A bullet is fired through a wooden board with a thickness of 10.0 cm. The bullet hits the board perpendicular to it, and with a speed of +390 m/s. The bullet then emerges on the other side of the board with a speed of +234 m/s. Assuming constant acceleration (rather, deceleration!) of the bullet while inside the wooden board, calculate the acceleration and Calculate also the total time the bullet is in contact with the board (in sec).

The average velocity in the board is

vavg=(vout+vin)/2 figure that.

then the time in the board is

thickness/velocty average

To find the acceleration and the total time the bullet is in contact with the board, we can apply the kinematic equations of motion.

1. Start by finding the deceleration of the bullet while inside the wooden board. We can use the equation:

v^2 = u^2 + 2as

Where:
v = final velocity of the bullet (+234 m/s)
u = initial velocity of the bullet (+390 m/s)
a = deceleration of the bullet (-a, as it is slowing down)
s = distance traveled (-0.1 m, as the thickness of the board is 10.0 cm)
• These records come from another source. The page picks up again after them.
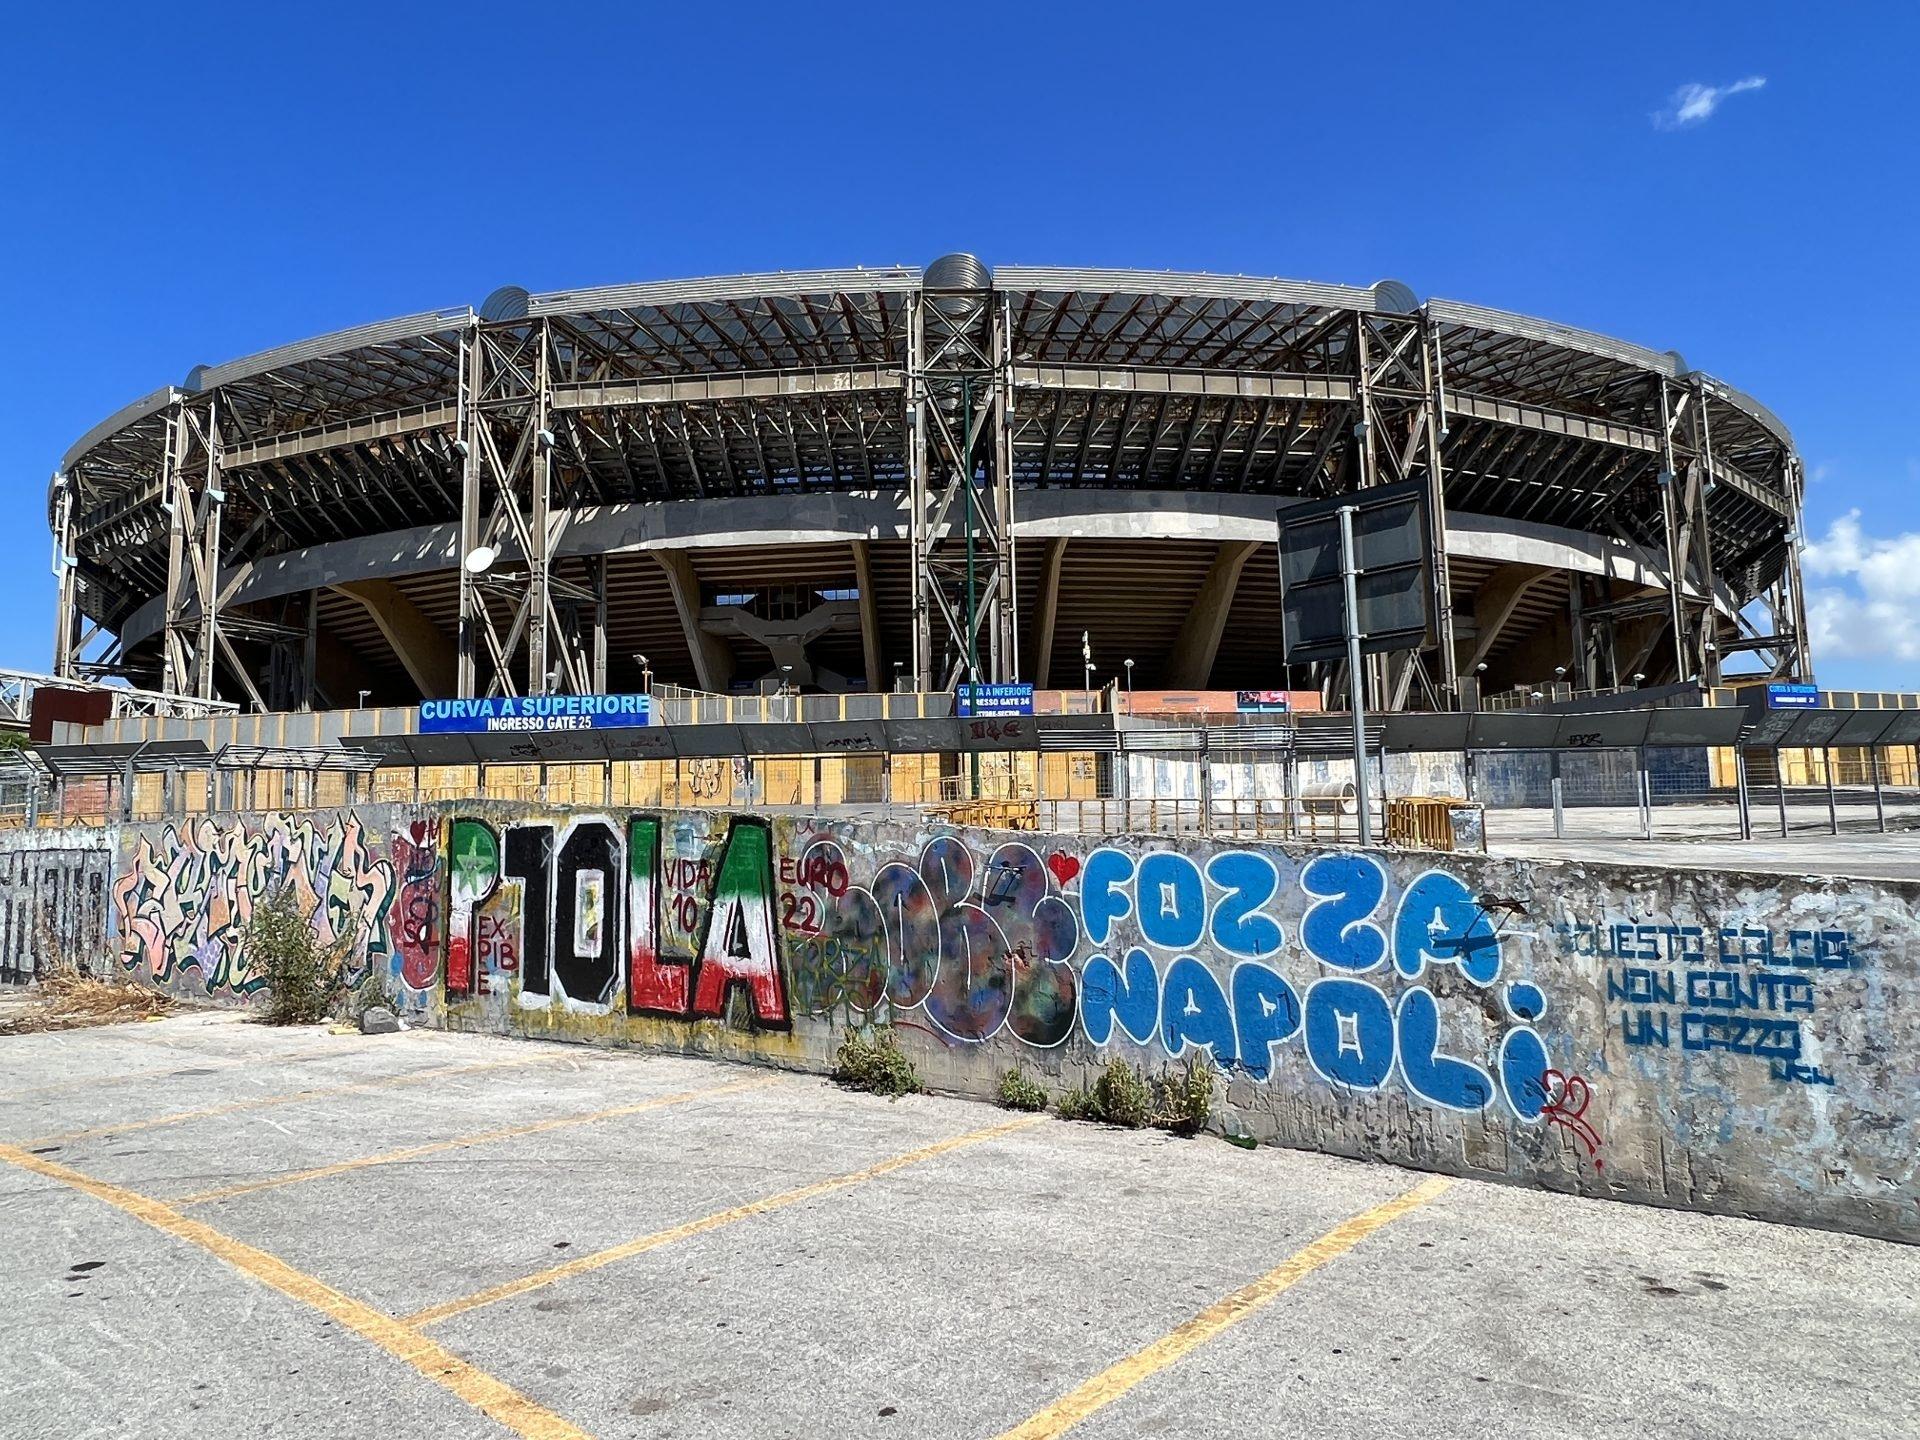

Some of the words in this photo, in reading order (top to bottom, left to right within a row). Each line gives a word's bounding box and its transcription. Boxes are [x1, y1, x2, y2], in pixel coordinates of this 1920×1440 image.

[421, 699, 494, 719] CURVA
[500, 698, 516, 716] A
[522, 695, 649, 717] SUPERIORE
[962, 698, 998, 707] INRESSO
[1000, 698, 1019, 706] GATE
[986, 687, 991, 696] A
[993, 687, 1032, 696] INFERIORE
[487, 716, 544, 731] INGRESSO
[546, 716, 576, 730] GATE
[578, 715, 592, 729] 25
[663, 858, 713, 893] VIDA
[781, 856, 849, 898] EURO
[672, 893, 698, 933] 10
[781, 892, 821, 933] 22
[478, 940, 518, 970] PIB
[1607, 967, 1676, 1004] NON
[1687, 970, 1815, 1013] CONTA
[1621, 1010, 1669, 1048] UN
Rearranging the equation, we have:

a = (v^2 - u^2) / (2s)
a = (234^2 - 390^2) / (2 * (-0.1))
a = (54756 - 152100) / (-0.2)
a = -97344 / (-0.2)
a = 486720 m/s^2

The acceleration of the bullet inside the wooden board is -486720 m/s^2.
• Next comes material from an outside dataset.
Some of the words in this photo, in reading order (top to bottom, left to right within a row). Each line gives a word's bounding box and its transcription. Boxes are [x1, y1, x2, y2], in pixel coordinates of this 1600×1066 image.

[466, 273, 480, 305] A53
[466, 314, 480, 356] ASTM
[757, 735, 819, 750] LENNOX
2. Next, we can determine the time the bullet is in contact with the board using the equation:

v = u + at

Where:
v = final velocity of the bullet (+234 m/s)
u = initial velocity of the bullet (+390 m/s)
a = deceleration of the bullet (-486720 m/s^2)
t = time taken

Rearranging the equation, we have:

t = (v - u) / a
t = (234 - 390) / (-486720)
t = -156 / (-486720)
t ≈ 0.00032 s

The total time the bullet is in contact with the board is approximately 0.00032 seconds.